1 Reply Latest reply on Jun 13, 2019 5:00 PM by Brian Morris

    Access Denied/Provider Failure scanning windows hosts

    Ana Lorite
      Share This:



      We are having problems to discover some windows hosts.


      The user created to discover the windows host has these access permissions:


      DCOM: Remote access enabled

      WMI: Root\CIMV2 namespace: Remote Enable, Account Enable

      WMI: Root\Default namespace: Remote Enable, Account Enable, Execute

      WMI: Root\WMI namespace: Remote Enable, Account Enable


      My customer doesn't allow us to assign the admin role to this user but Discovery is scanning successfully a lot of windows hosts.


      But we are getting no access results scanning some endpoints with this user.

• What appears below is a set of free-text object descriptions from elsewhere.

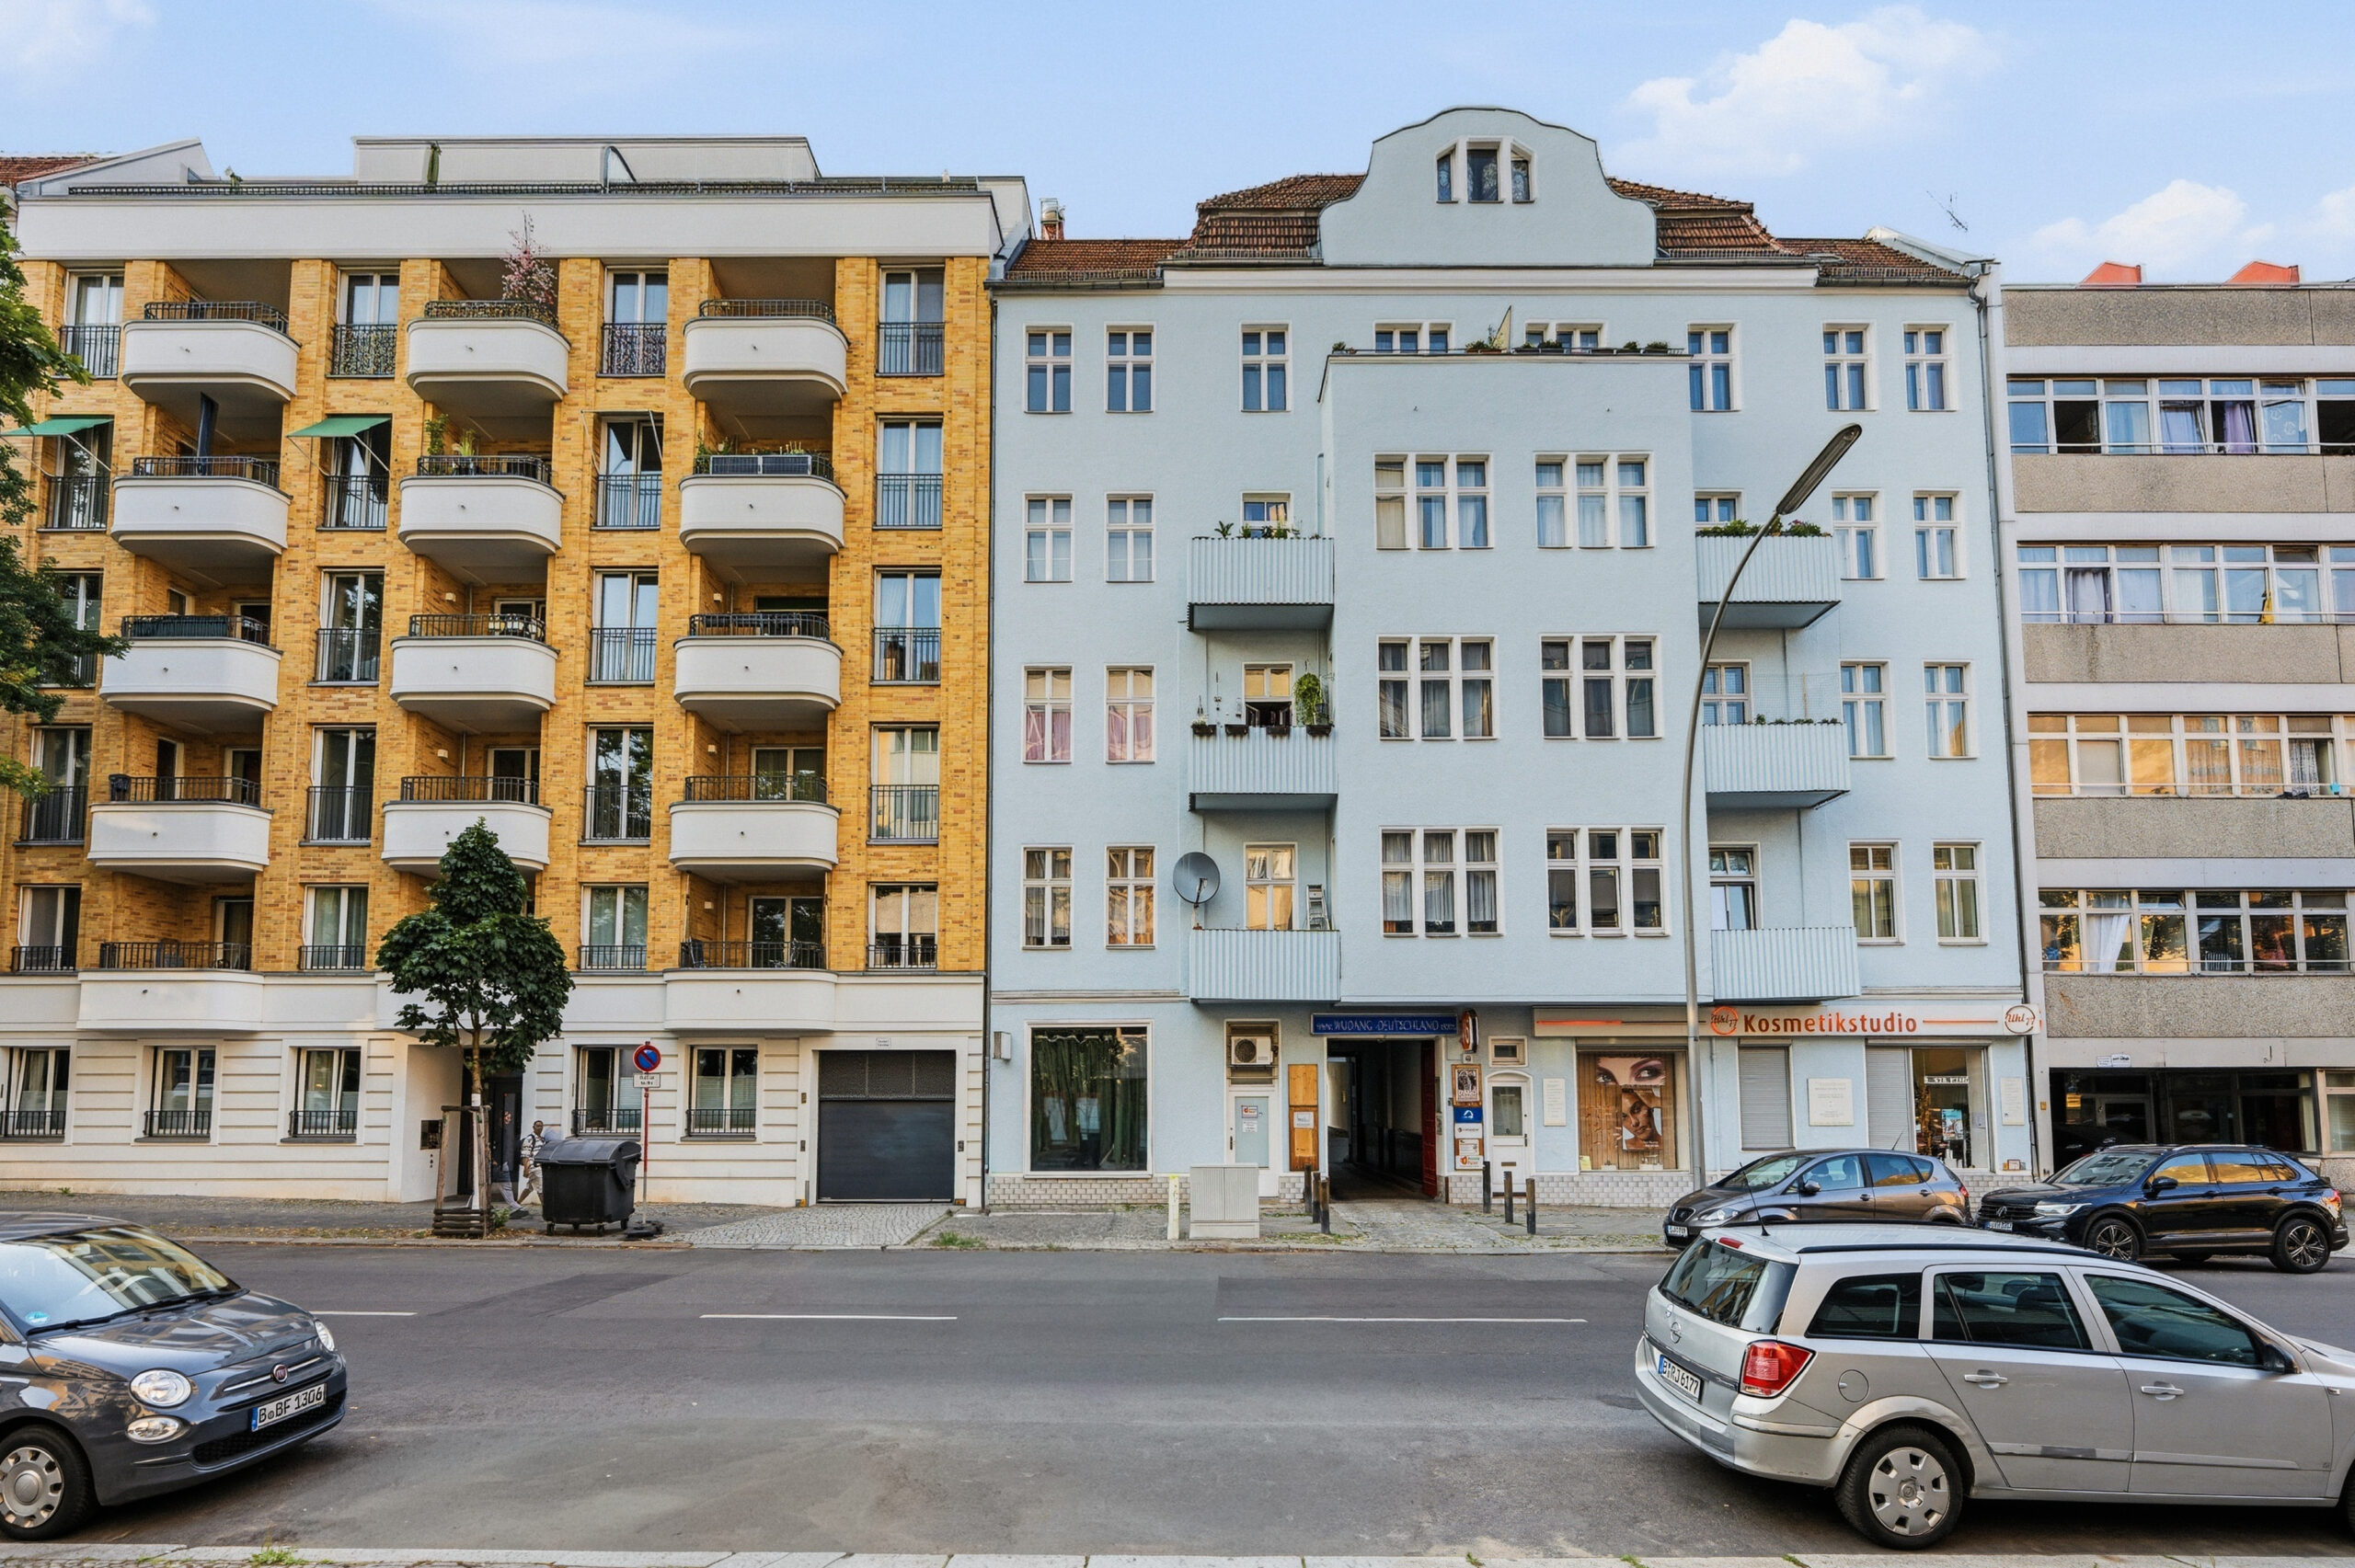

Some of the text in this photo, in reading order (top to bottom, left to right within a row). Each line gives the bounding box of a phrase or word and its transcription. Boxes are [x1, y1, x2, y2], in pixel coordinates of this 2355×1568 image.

[1743, 1013, 1917, 1033] Kosmetikstudio
[1670, 1366, 1681, 1382] RJ
[1681, 1373, 1699, 1394] 6177
[258, 1387, 322, 1424] B BF 1306
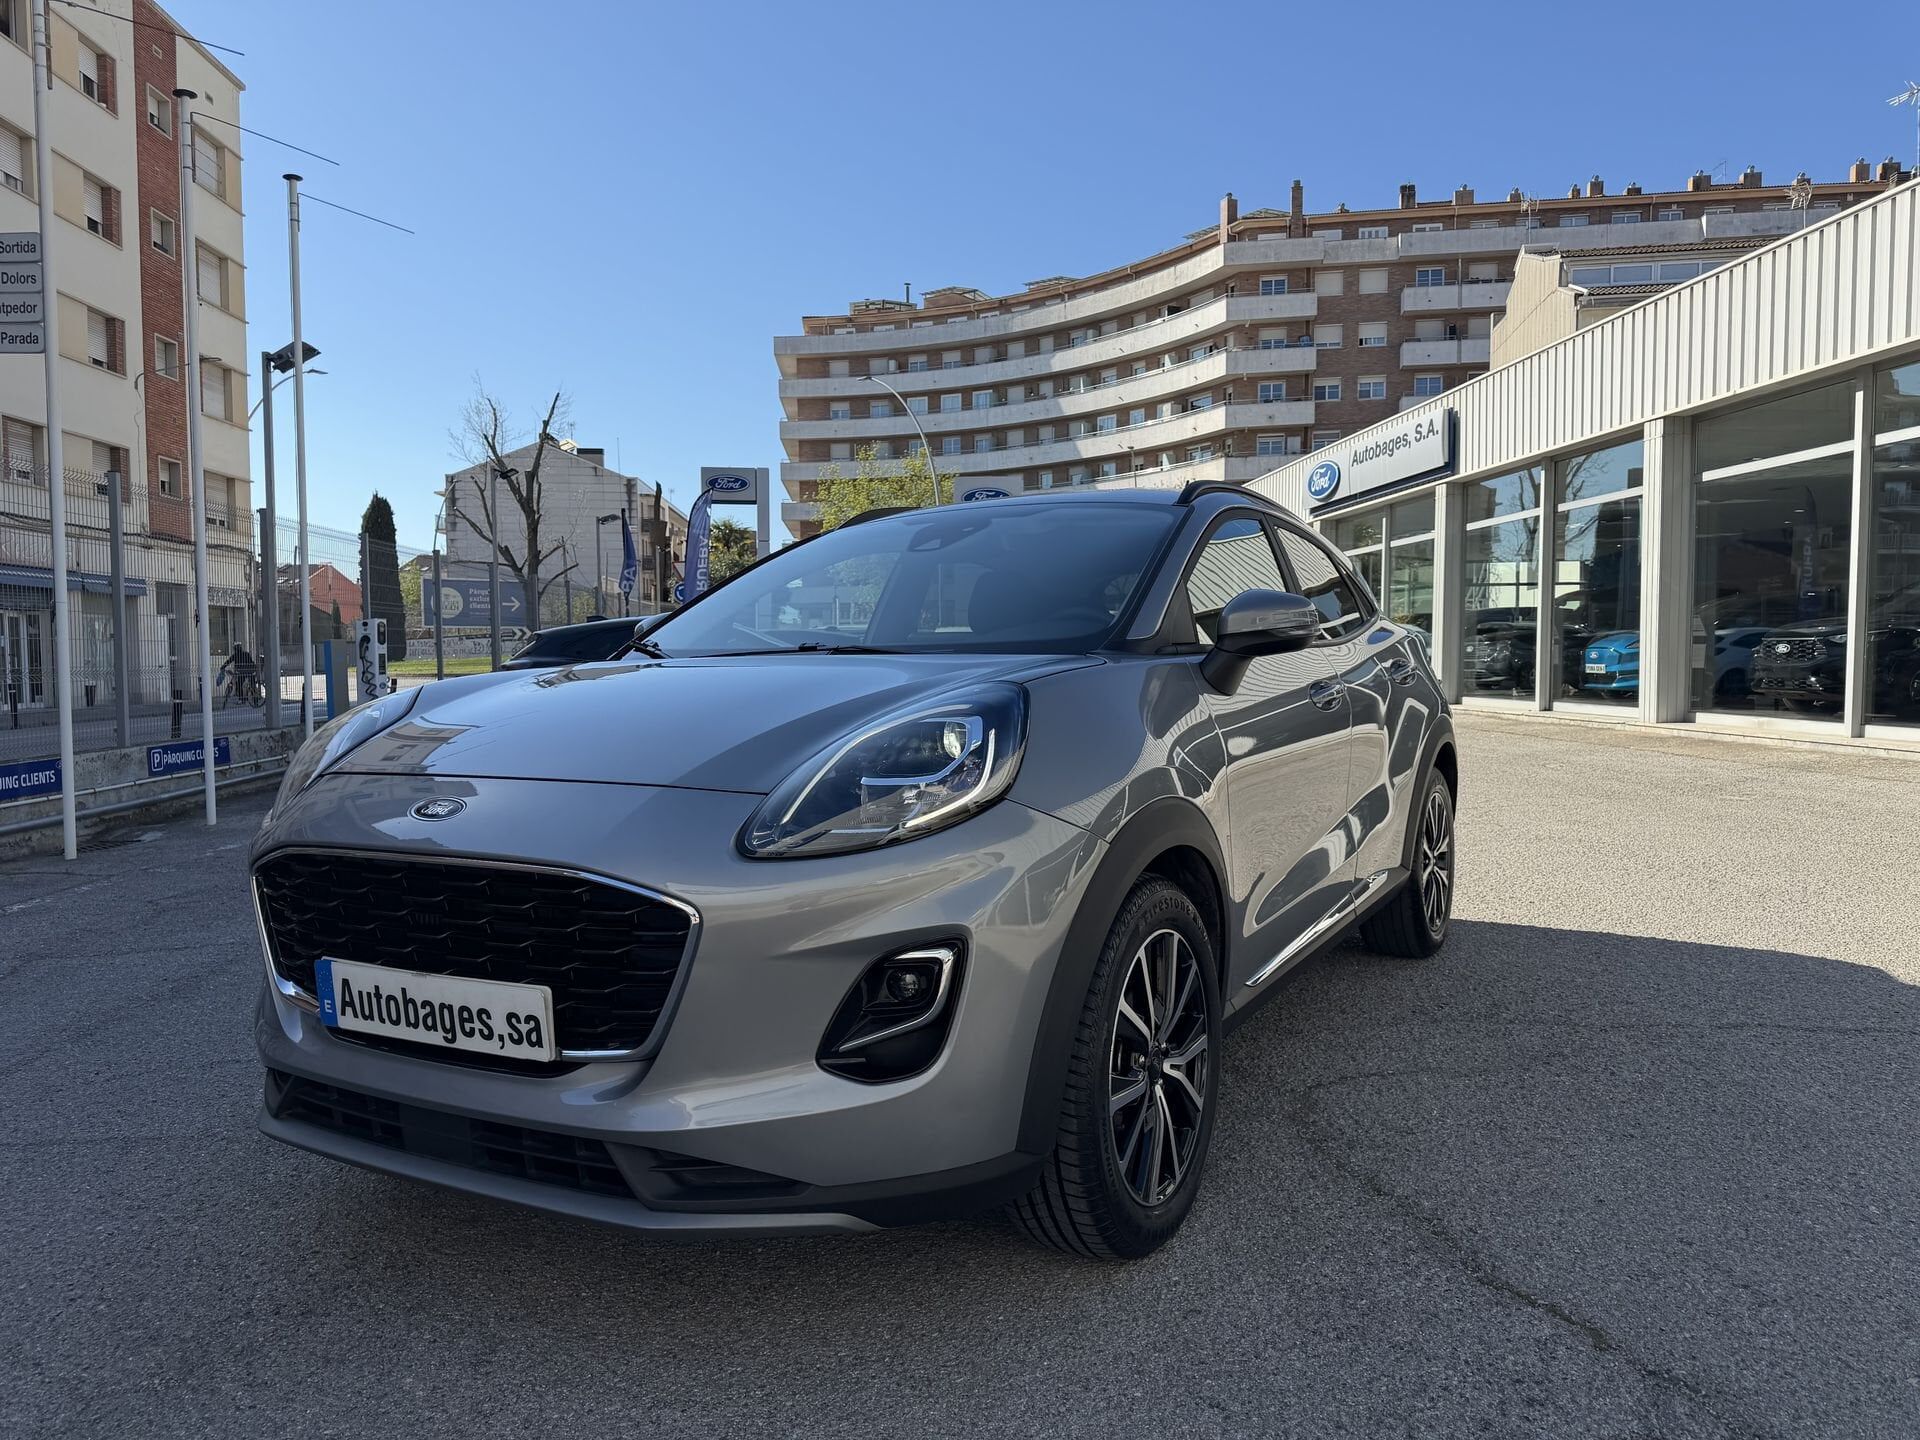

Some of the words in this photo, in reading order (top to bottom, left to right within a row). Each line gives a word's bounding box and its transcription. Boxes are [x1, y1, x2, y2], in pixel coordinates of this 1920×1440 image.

[0, 241, 37, 254] Sortida
[1, 272, 37, 285] Dolors
[0, 301, 38, 316] tpedor
[1, 332, 39, 345] Parada
[1351, 432, 1412, 467] Autobages,
[1414, 418, 1439, 443] S.A.
[1310, 467, 1332, 492] Ford
[163, 750, 196, 765] PÀRQUING
[20, 769, 56, 788] CLIENTS
[324, 1000, 333, 1013] E
[340, 977, 544, 1050] Autobages,sa

      From the WMI Tester:

         SELECT * FROM Win32_Processor

         Access Denied


         SELECT * FROM Win32_NetworkAdapter

         Provider Failure


      From the event viewer:

      Id = {15A8D090-6F3F-0000-23BB-BF183F6FD401}; ClientMachine = DVRYPRX01; User = bkpt\discoverypt; ClientProcessId = 5060; Component = Unknown; Operation = Start IWbemServices::CreateInstanceEnum - root\cimv2 : Win32_NetworkAdapter; ResultCode = 0x80041004; PossibleCause = Unknown


      I confirmed that with an admin user, the endpoint would be discovery successfully but this way is a "closed road" in this customer.


      So our idea could be to extend the access permissions to the user for that "special" endpoints but to do this, I need to know where to see the reason for that error. We marked the Security Read permission in the WMI tree (root, CIMV2, Default and WMI) with no success.


      Can you help me? I know the answer is "allow the user an admin access" but, as I said, it is not possible and I wonder if it's possible a "customized" access as the one we have in ssh discovery: we don't have a sudo user. We have a sudoers file that lists the command and parameters with sudo privileges.


      Thank you very much!!!